株式会社ECOMMIT代表・川野さんに聞く!「ごみを減らし、価値を生む。自治体と連携したリユースシステムで資源を循環させる」

今回、大崎町での民間企業の「共創」の例として紹介するのが、2022年に大崎町と「サーキュラー・エコノミー推進に関する連携協定」を締結した、株式会社ECOMMIT(エコミット)です。エコミットは「地球にコミットする循環商社」として、リサイクル・リユース事業、全国7か所の循環センターの運営、資源を再流通させるシステム構築などを手がけています。

エコミット代表の川野さんは「現代社会には、ものが不要になってから資源に戻るまでの仕組みが圧倒的に足りていません。ごみを捨てるのではなく、資源として循環させるためのインフラが必要です」と語ります。

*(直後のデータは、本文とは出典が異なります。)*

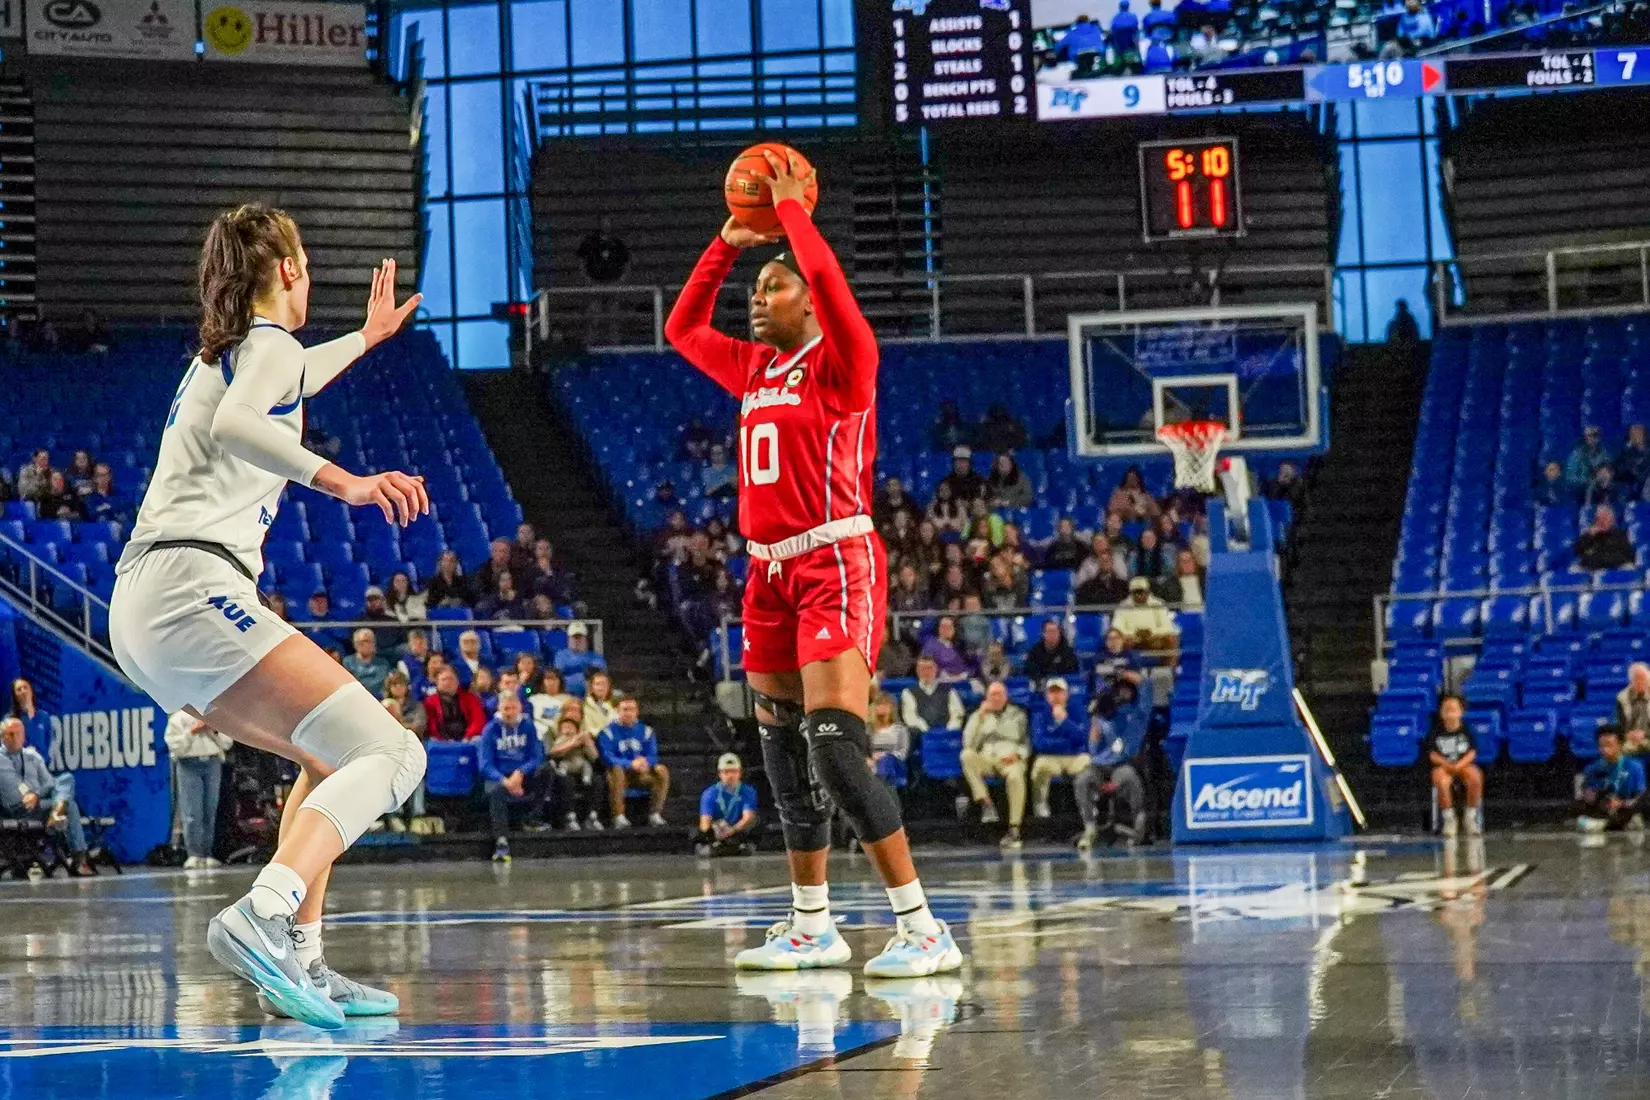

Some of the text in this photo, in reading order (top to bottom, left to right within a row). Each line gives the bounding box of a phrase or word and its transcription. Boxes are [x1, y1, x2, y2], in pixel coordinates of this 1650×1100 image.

[255, 12, 364, 47] Hiller
[929, 15, 982, 33] ASSISTS
[1008, 9, 1020, 29] 1
[931, 37, 982, 54] BLOCKS
[1008, 31, 1022, 51] 0
[894, 53, 1023, 80] 2 STEALS 1
[1348, 61, 1404, 88] 5:10
[1617, 52, 1637, 80] 7
[894, 74, 1025, 101] 0 BENCH PTS 0
[1122, 84, 1140, 108] 9
[896, 103, 909, 122] 5
[921, 102, 965, 119] TOTAL
[1014, 95, 1028, 114] 2
[1166, 146, 1229, 181] 5:10
[1177, 179, 1225, 229] 11
[740, 422, 780, 487] 10
[48, 706, 156, 771] RUEBLUE
[1192, 779, 1302, 811] Ascend

株式会社ECOMMIT代表取締役CEO川野輝之さん。2007年鹿児島県薩摩川内市で創業。「捨てない社会をかなえる」をスローガンに、大手企業とのプロジェクトをはじめ、30以上の自治体と取引を行い、サーキュラー・エコノミーを推進しています。

大崎町とエコミットが接点を持ったのは5年程前。当時から、大崎町は鹿児島県ではリサイクルを推進している自治体として知られていたそうです。
また、さまざまな取り組みを進めるにあたり「大崎町役場の方、住民の方も含めて環境意識が非常に高い」ことに驚かれたと言います。その熱量は、他の自治体ではなかなか見られない程だとか…!
 
大崎町との協定には「1、町の資源リサイクル施設に搬入されるものからまだ使えるもの(リユース品)を再利用につなげること」「2、環境教育の拠点作り実現に向けた協力」「3、空き家や移住定住等、町づくりの課題解決に向けた取り組み」などの項目があります。

主な取り組みであるリユース業務では、定期的に大崎町のリサイクルセンターから不要品を回収。まだ使えるものはリユース品として、再び市場に出て販売されます(リユースできないものは、リサイクルもされるそうです)。

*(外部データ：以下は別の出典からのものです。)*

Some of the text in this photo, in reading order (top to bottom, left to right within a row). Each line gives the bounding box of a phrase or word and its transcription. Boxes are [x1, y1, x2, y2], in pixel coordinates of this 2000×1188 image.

リユース市の様子。写真提供 一般社団法人大崎町SDGs推進協議会

それから、不要になった家具や日用品などを回収し、ごみの減量化を目指す「リユース市」も開催されています。22年12月に開催された回収イベントでは、リユース可能なものの量は1,600㎏、リユース品の回収率は80%にもなったとか!今後も、定期的な開催が予定されています。

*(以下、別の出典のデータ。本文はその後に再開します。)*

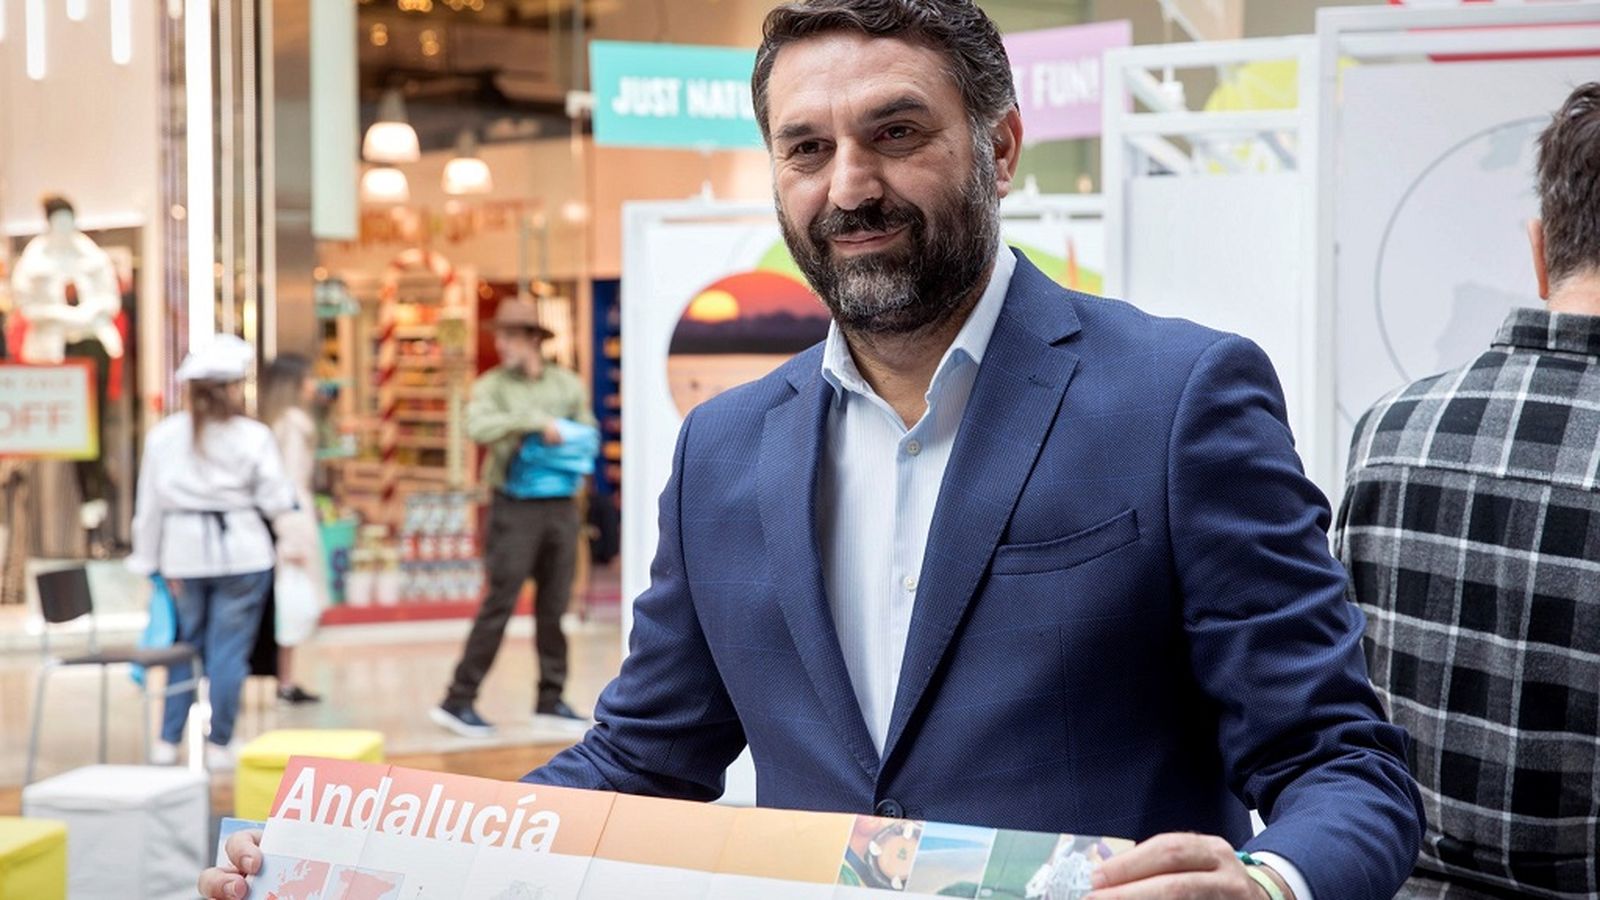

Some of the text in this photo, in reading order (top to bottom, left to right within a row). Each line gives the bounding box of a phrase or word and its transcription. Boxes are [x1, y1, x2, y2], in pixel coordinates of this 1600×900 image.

[612, 76, 680, 117] JUST
[1032, 57, 1100, 109] FUN!
[274, 767, 561, 853] Andalucía

とはいえ、大崎町だけでは解決できない課題もあります。

「地域の外で作られたものは、最終的に原材料に戻して、作り手であるメーカーにお渡ししていかない限り、その地域にごみとして残ってしまいます。地域循環の先には、国内、さらには国外まで見据えた、より大きな視野での循環が必要になります」と川野さん。
 
サーキュラーエコノミーを実現するためには、地域循環だけでなく、ものを作っているメーカーとしての責任があることを感じました。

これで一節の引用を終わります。